Por un lado, ver esas tierras tenía que ser algo glorioso, jamás había visto la nieve, y mucho menos nevar. El sitio no era muy conocido, pero seguro que la gente era hospitalaria y el lugar muy risueño. No cabía otra manera de ver el sitio, aunque fuese a visitarlo tan solo para hacer un recado del abuelo. Por contra, era mucho tiempo que iba a perder de entranamiento, y aunque el rastas podía hacer de cualquier actividad un nuevo entrenamiento, eran clases del dojo que estaba perdiendo. Si seguía así la cosa, seguro que dejaba de ser el alumno número uno del Tekken.
Sin embargo, por mas que quisiera, el deber es el deber. Como su abuelo siempre decía —las pocas veces que le dirigía la palabra— todo por la familia, el apellido es lo primero.
Todo estaba organizado, tenía una caja de madera del tamaño de una funda de guitarra, la cuál era el objetivo a entregar al señor Fushoda en Yamahata. Tenía un boleto para viajar en una pequeña embarcación hasta allí, y tomaría la misma desde la costa norte del país del bosque. Tenía una mochila azul de un tamaño no demasiado desmesurado, donde tenía algunas provisiones. Tenía a su fiel compañero, Akane. Por supuesto, tenía su nueva pertenencia, esa espada de color dorado que bien podía ser oro. Lo tenía todo.

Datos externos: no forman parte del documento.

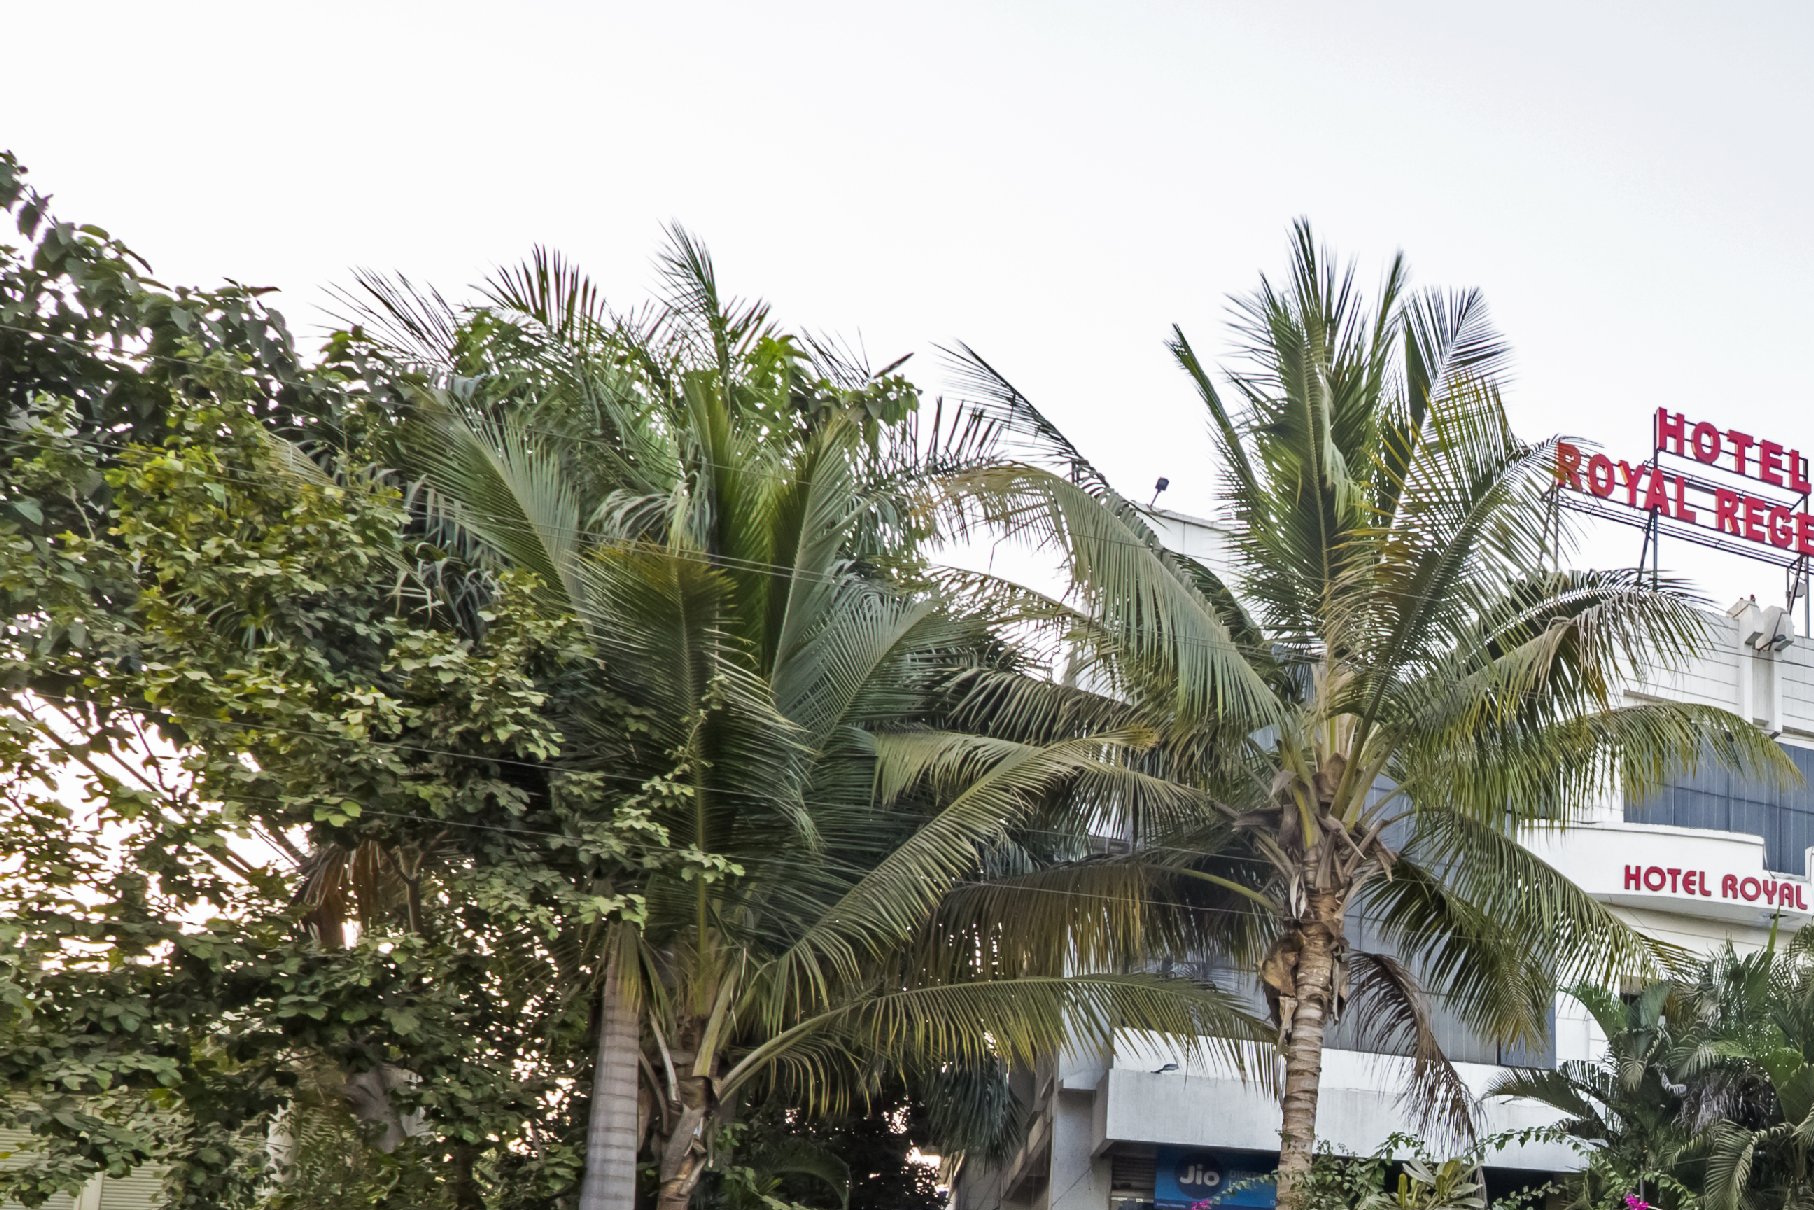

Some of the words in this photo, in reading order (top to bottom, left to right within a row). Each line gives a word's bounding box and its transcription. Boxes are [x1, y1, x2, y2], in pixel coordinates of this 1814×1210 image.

[1557, 439, 1696, 523] ROYAL
[1656, 406, 1812, 495] HOTEL
[1624, 865, 1711, 897] HOTEL
[1721, 874, 1808, 910] ROYAL
[1179, 1164, 1220, 1186] Jio
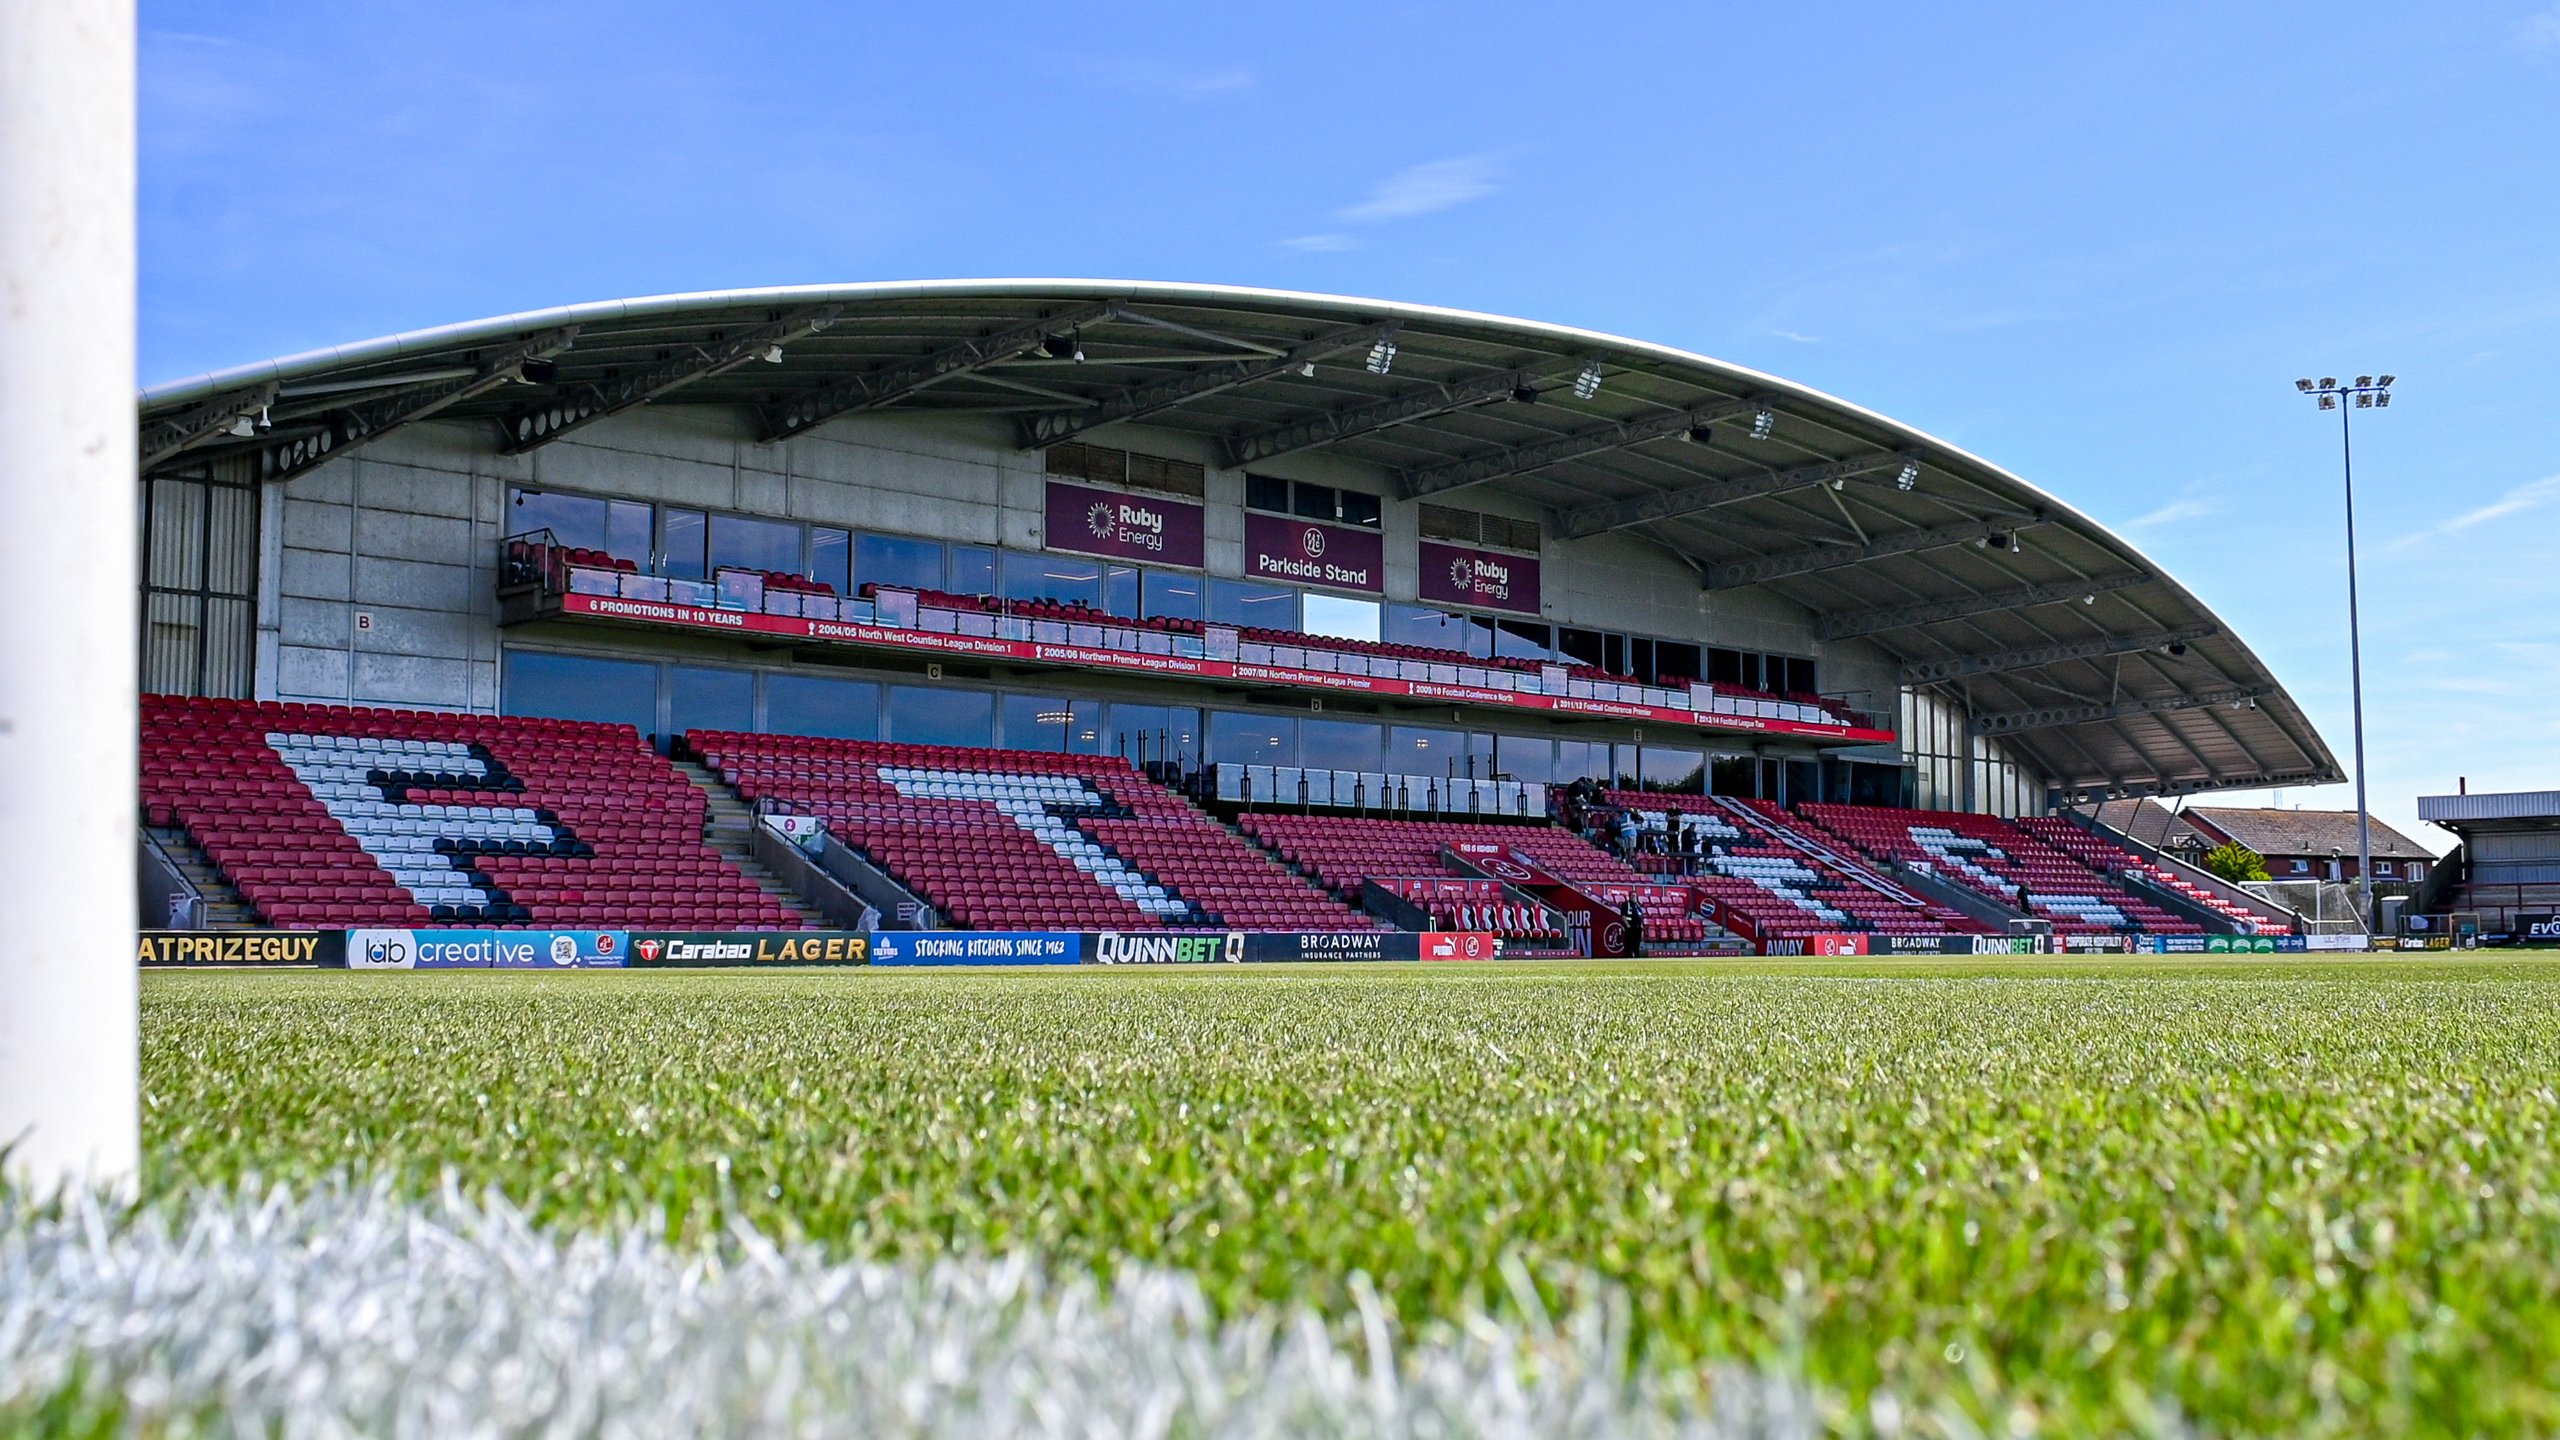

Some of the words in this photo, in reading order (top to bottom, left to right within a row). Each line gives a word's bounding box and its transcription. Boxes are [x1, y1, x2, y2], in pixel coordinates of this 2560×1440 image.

[1119, 504, 1162, 533] Ruby
[1119, 528, 1162, 551] Energy
[1260, 553, 1321, 578] Parkside
[1325, 564, 1367, 584] Stand
[1475, 560, 1507, 584] Ruby
[1474, 579, 1508, 600] Energy
[360, 616, 369, 628] B
[590, 600, 597, 611] 6
[600, 600, 674, 618] PROMOTIONS
[677, 610, 689, 621] IN
[692, 611, 706, 622] 10
[708, 612, 743, 625] YEARS
[818, 625, 856, 637] 2004/05
[859, 630, 882, 641] North
[883, 631, 905, 643] West
[906, 633, 942, 646] Counties
[944, 637, 973, 650] League
[975, 639, 1005, 652] Division
[1007, 644, 1012, 653] 1
[1045, 648, 1078, 660] 2005/06
[1080, 651, 1111, 662] Northern
[1113, 654, 1140, 665] Premier
[1141, 656, 1167, 669] League
[1168, 658, 1196, 671] Division
[931, 667, 938, 678] C
[1238, 668, 1267, 678] 2007/08
[1269, 670, 1297, 680] Northern
[1298, 673, 1323, 683] Premier
[1323, 675, 1346, 687] League
[1347, 677, 1371, 688] Premier
[1442, 688, 1465, 698] Football
[1465, 689, 1497, 701] Conference
[1498, 694, 1514, 702] North
[1313, 700, 1319, 710] D
[1583, 702, 1604, 712] Football
[1604, 703, 1632, 714] Conference
[1633, 707, 1652, 716] Premier
[1635, 730, 1641, 740] E
[787, 821, 793, 830] 2
[365, 938, 405, 963] lab
[418, 939, 535, 963] creative
[666, 939, 752, 960] Carabao
[756, 938, 866, 961] LAGER
[915, 939, 964, 958] STOCKING
[968, 939, 1013, 958] KITCHENS
[1016, 939, 1043, 957] SINCE
[1096, 932, 1221, 965] QUINNBET
[1301, 935, 1381, 949] BROADWAY
[1766, 939, 1804, 956] AWAY
[1891, 937, 1941, 948] BROADWAY
[1972, 934, 2033, 955] QUINNBET
[2425, 937, 2450, 948] LAGER
[1301, 951, 1342, 960] INSURANCE
[1345, 951, 1381, 959] PARTNERS
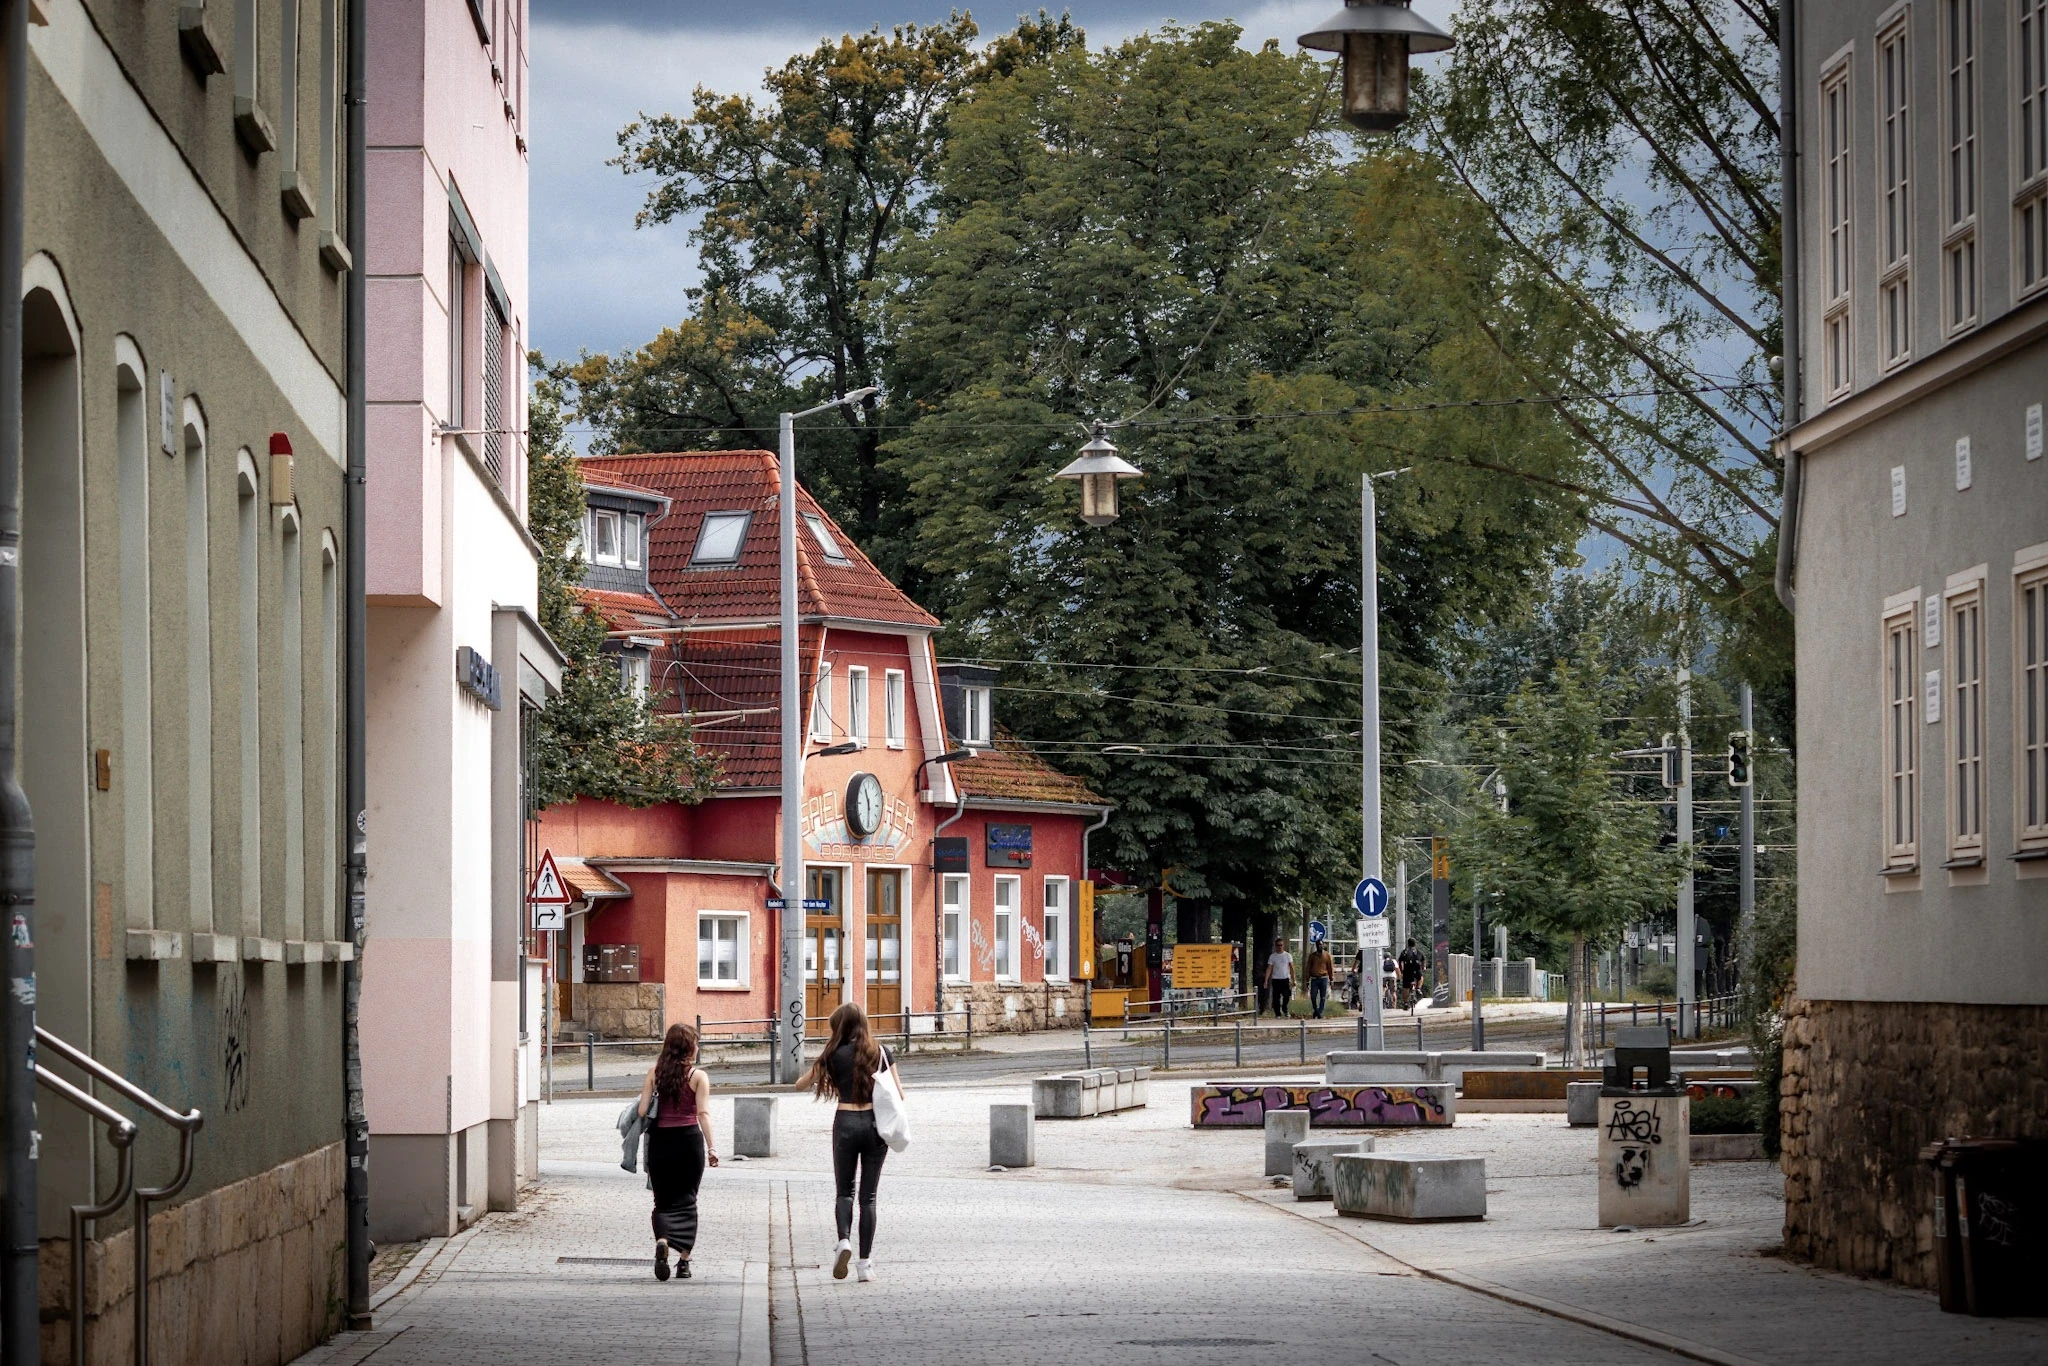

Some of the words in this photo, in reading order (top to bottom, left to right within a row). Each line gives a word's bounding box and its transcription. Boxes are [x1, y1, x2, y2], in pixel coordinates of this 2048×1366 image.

[821, 843, 895, 861] PARADIES
[1118, 942, 1132, 953] Gleis
[1631, 939, 1636, 947] 6
[1121, 953, 1129, 974] 3

Sin demora, viajó hasta el lugar acordado para tomar el pequeño ferry, y desde allí tomó mar hasta llegar a una ciudad costera. La noche ya comenzaba a caer para cuando llegaron, o el atardecer... todo estaba oscuro, todo salvo unas partículas raras que caían del cielo.
—Ostras... ésto es... —tomó una de éstas pequeñas esferas color blanco, y ésta se deshizo rápidamente en sus manos, fría como un bocado a un helado —¿Warauf? —preguntó Akane, extrañado también.
Si, así era, lo que estaba cayendo del cielo era nieve.
Como niños que despiertan a las 5 de la madrugada el día de abrir los regalos en navidad, los ojos le brillaron a ambos. Sin duda alguna, el espectáculo era precioso. Entre tanta oscuridad, y casas de colores tan fúnebres, el color blanco comenzaba a decorarlo todo.
Entre tanto, el pequeño ferry ya casi había atracado en el puerto.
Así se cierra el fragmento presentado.